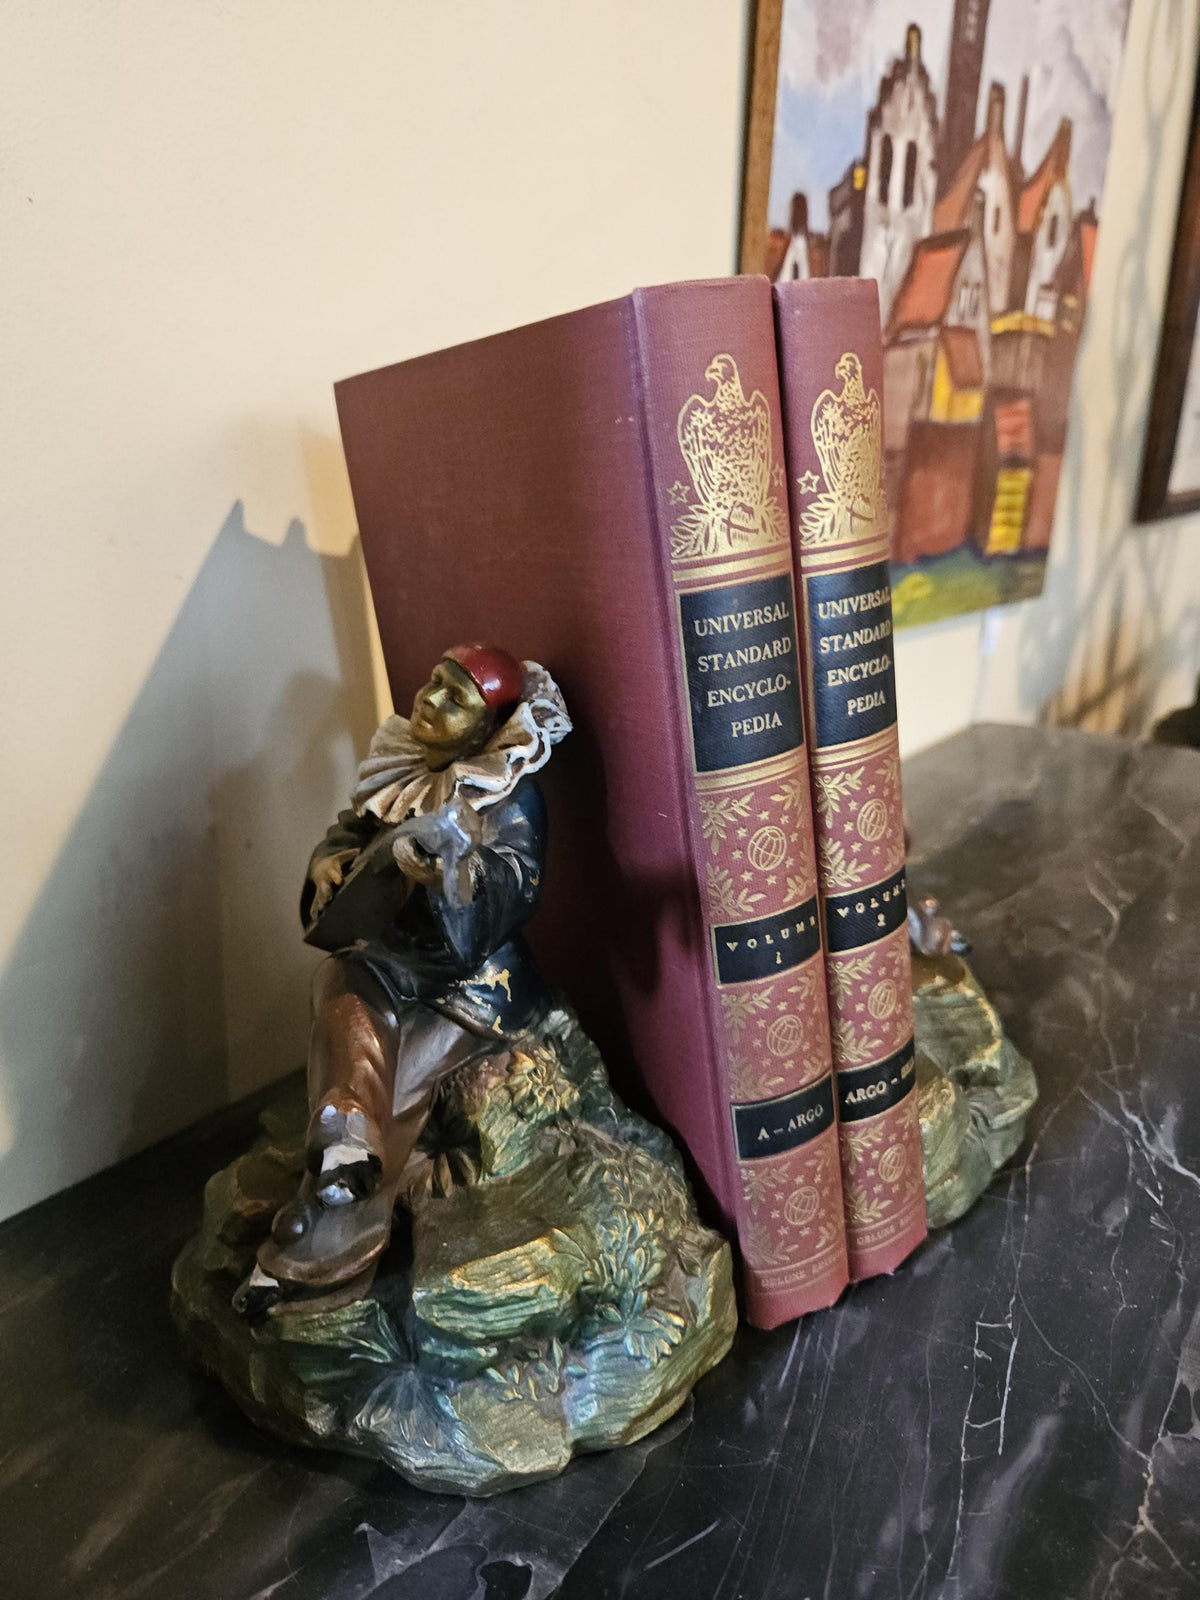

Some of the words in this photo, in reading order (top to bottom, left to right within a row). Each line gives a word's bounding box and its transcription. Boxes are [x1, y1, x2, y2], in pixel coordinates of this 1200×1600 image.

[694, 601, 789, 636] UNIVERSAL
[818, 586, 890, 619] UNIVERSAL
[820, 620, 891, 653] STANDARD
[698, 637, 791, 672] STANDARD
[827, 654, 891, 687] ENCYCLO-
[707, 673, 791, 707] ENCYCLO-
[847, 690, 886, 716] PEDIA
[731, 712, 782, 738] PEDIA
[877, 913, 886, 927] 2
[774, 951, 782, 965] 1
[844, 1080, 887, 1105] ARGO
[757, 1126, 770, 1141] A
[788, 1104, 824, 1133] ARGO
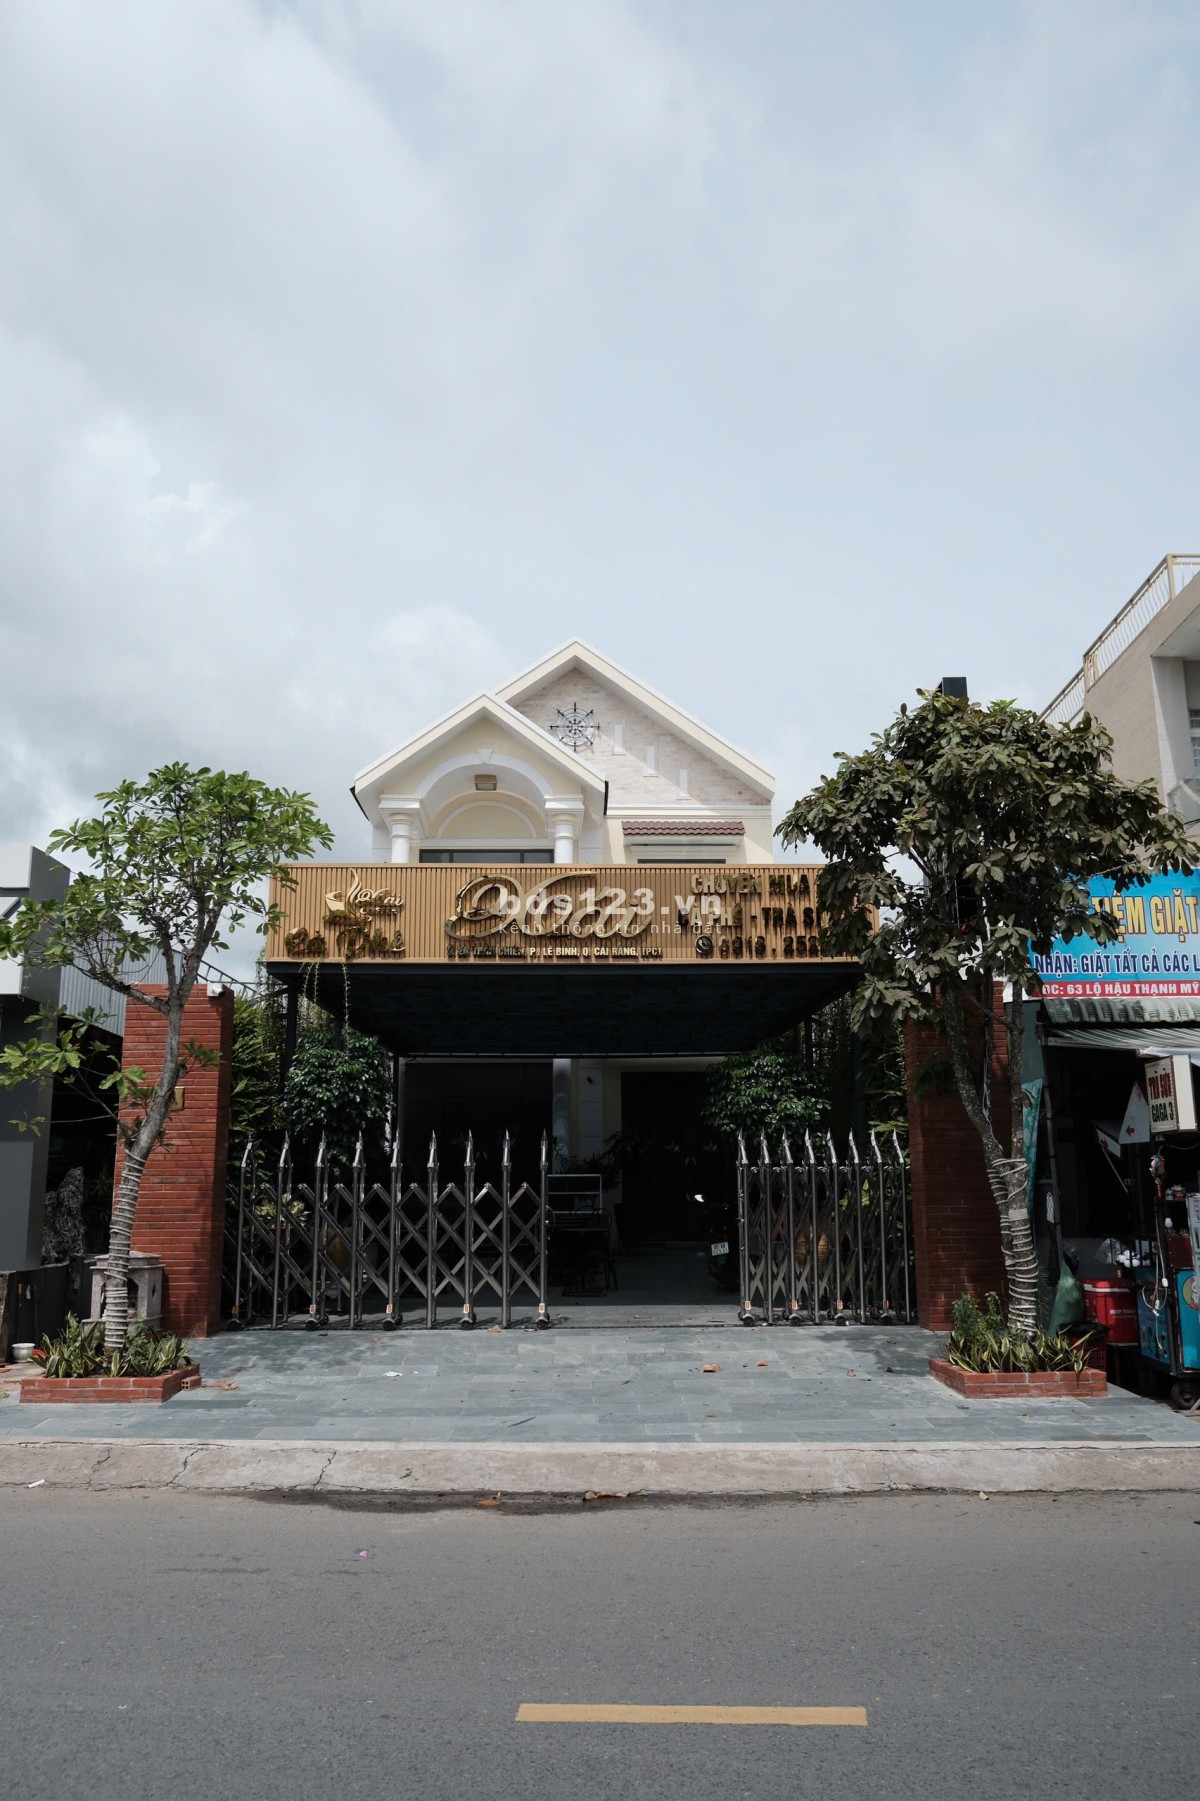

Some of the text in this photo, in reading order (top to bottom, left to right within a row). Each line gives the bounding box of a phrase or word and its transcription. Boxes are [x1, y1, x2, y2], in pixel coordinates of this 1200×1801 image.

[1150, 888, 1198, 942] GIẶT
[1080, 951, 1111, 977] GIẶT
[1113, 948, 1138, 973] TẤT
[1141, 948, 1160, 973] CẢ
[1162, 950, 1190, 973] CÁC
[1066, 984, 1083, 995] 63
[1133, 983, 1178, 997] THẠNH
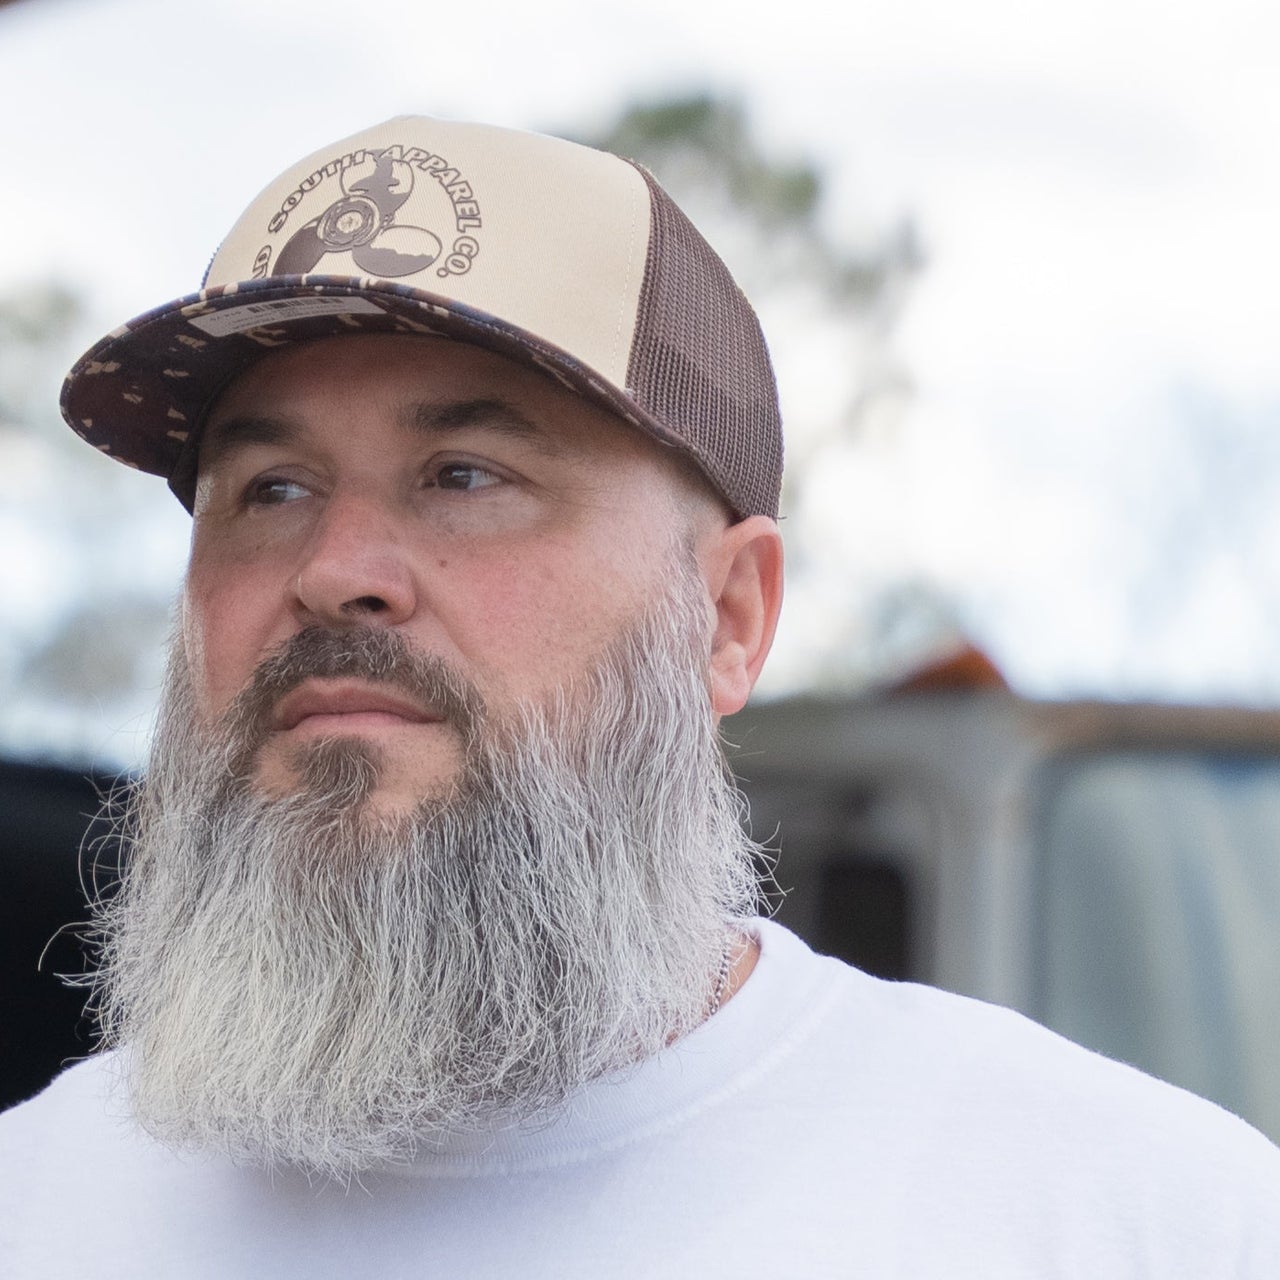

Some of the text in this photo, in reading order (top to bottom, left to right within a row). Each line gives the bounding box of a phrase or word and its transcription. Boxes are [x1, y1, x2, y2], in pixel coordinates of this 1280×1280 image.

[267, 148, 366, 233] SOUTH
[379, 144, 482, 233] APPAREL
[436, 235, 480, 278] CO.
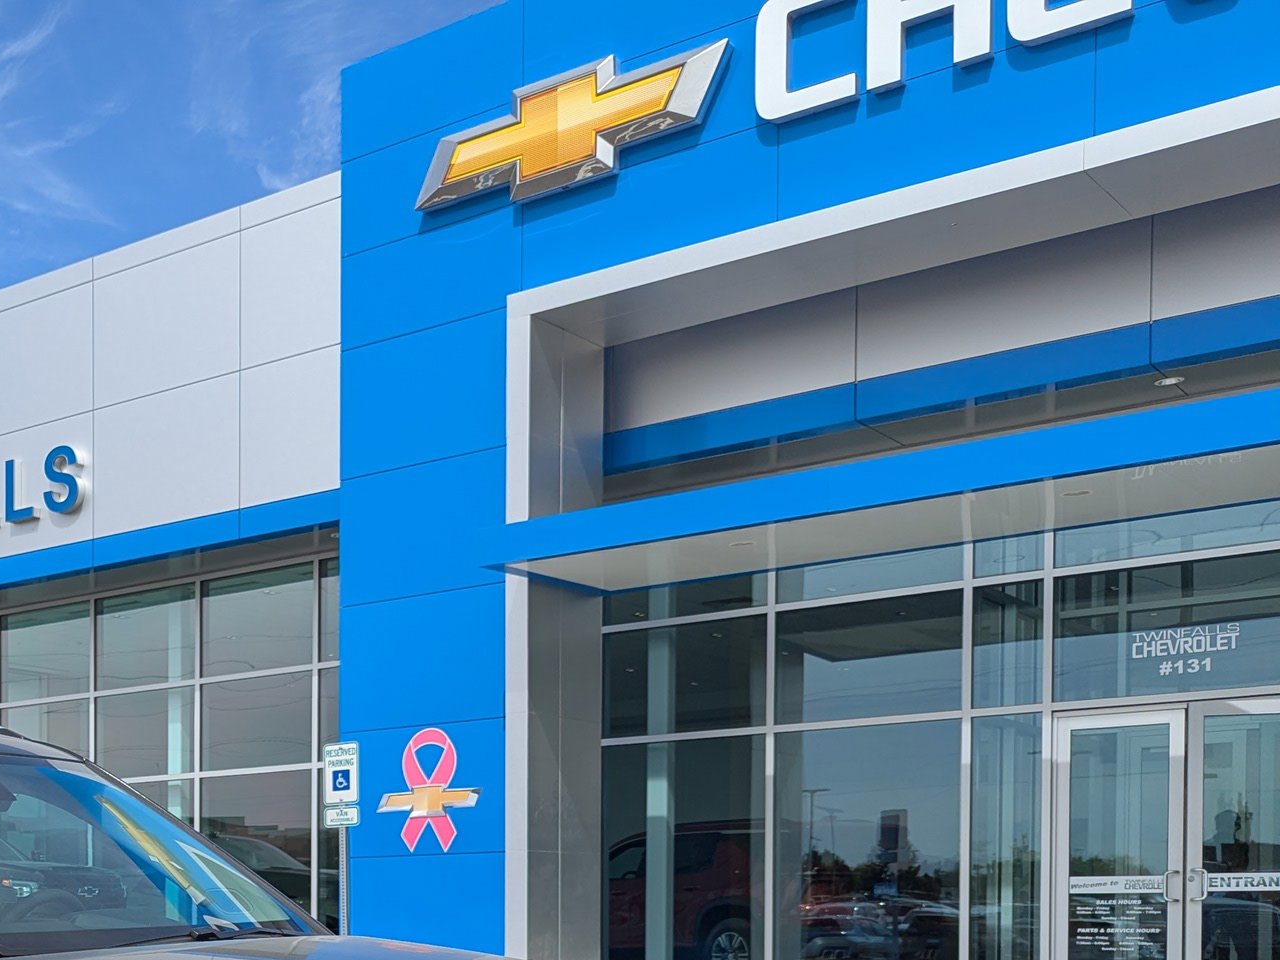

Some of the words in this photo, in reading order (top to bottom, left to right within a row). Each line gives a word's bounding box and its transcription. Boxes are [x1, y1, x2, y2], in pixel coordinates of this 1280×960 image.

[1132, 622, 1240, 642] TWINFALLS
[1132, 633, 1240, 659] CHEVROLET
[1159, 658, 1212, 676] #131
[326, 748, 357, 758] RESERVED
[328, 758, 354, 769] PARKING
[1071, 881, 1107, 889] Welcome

□ □ □ □ □ □ □

_PROBLEM TO WORK ON_
Retype the whole listing word for word. Skip the pictures.

_SOLUTION_
Some of the words in this photo, in reading order (top to bottom, left to right within a row). Each line gives a word's bounding box and its transcription. Boxes are [x1, y1, x2, y2], in pixel coordinates of this 1200×1600 image.

[694, 601, 789, 636] UNIVERSAL
[818, 586, 890, 619] UNIVERSAL
[820, 620, 891, 653] STANDARD
[698, 637, 791, 672] STANDARD
[827, 654, 891, 687] ENCYCLO-
[707, 673, 791, 707] ENCYCLO-
[847, 690, 886, 716] PEDIA
[731, 712, 782, 738] PEDIA
[877, 913, 886, 927] 2
[774, 951, 782, 965] 1
[844, 1080, 887, 1105] ARGO
[757, 1126, 770, 1141] A
[788, 1104, 824, 1133] ARGO

Some of the text in this photo, in reading order (top to bottom, left to right within a row). Each line gives the bounding box of a phrase or word and its transcription. Boxes are [x1, y1, x2, y2], in pixel coordinates of this 1200×1801 image.

[1150, 888, 1198, 942] GIẶT
[1080, 951, 1111, 977] GIẶT
[1113, 948, 1138, 973] TẤT
[1141, 948, 1160, 973] CẢ
[1162, 950, 1190, 973] CÁC
[1066, 984, 1083, 995] 63
[1133, 983, 1178, 997] THẠNH

Some of the text in this photo, in reading order (top to bottom, left to right within a row). Each line gives the bounding box of a phrase or word and its transcription. Boxes are [x1, y1, x2, y2], in pixel coordinates of this 1280×1280 image.

[267, 148, 366, 233] SOUTH
[379, 144, 482, 233] APPAREL
[436, 235, 480, 278] CO.

Some of the words in this photo, in reading order (top to bottom, left to right within a row). Each line gives a word's bounding box and its transcription. Boxes are [x1, y1, x2, y2], in pixel coordinates of this 1280×960 image.

[1132, 622, 1240, 642] TWINFALLS
[1132, 633, 1240, 659] CHEVROLET
[1159, 658, 1212, 676] #131
[326, 748, 357, 758] RESERVED
[328, 758, 354, 769] PARKING
[1071, 881, 1107, 889] Welcome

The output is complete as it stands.